_Work to be completed_
Would you transcribe each entry exactly as it stands, omitting the pictures?

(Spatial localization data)
--------

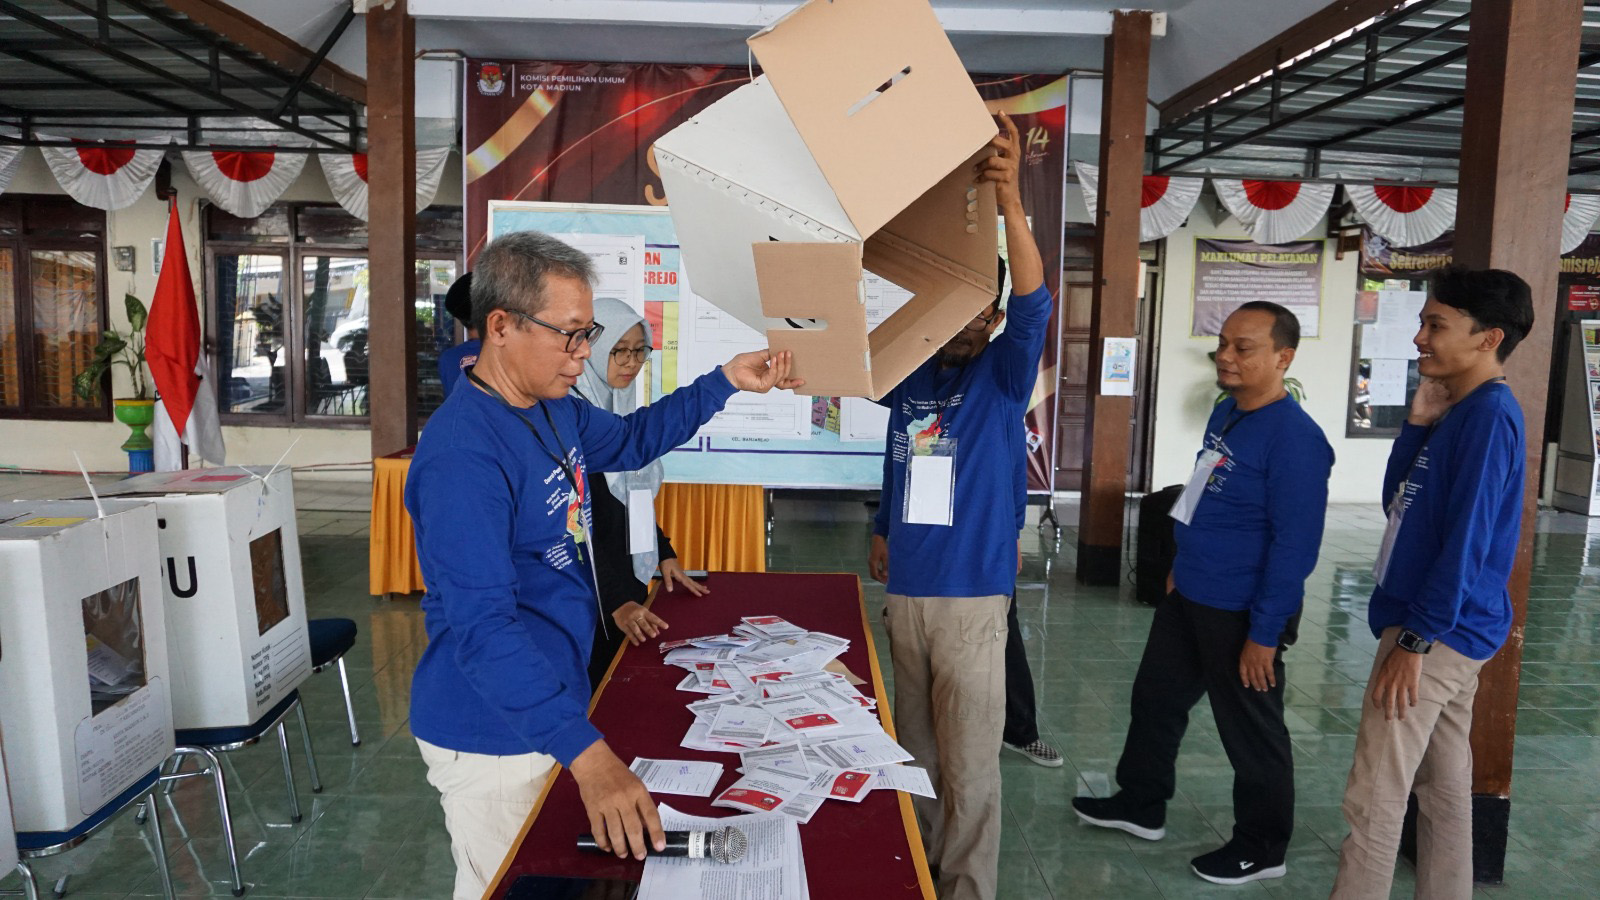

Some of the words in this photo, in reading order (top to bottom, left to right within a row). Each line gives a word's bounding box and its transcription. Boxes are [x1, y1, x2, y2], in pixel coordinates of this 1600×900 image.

[520, 74, 550, 82] KOMISI
[551, 75, 597, 84] PEMILIHAN
[520, 83, 544, 91] KOTA
[1026, 126, 1050, 153] 14
[1200, 252, 1258, 262] MAKLUMAT
[1260, 253, 1318, 264] PELAYANAN

--------

_Output of the task_
Some of the words in this photo, in reading order (top to bottom, left to right within a row). Each line gives a word's bounding box and its transcription. Boxes are [x1, y1, x2, y2], in pixel coordinates of this 1600×900 image.

[520, 74, 550, 82] KOMISI
[551, 75, 597, 84] PEMILIHAN
[520, 83, 544, 91] KOTA
[1026, 126, 1050, 153] 14
[1200, 252, 1258, 262] MAKLUMAT
[1260, 253, 1318, 264] PELAYANAN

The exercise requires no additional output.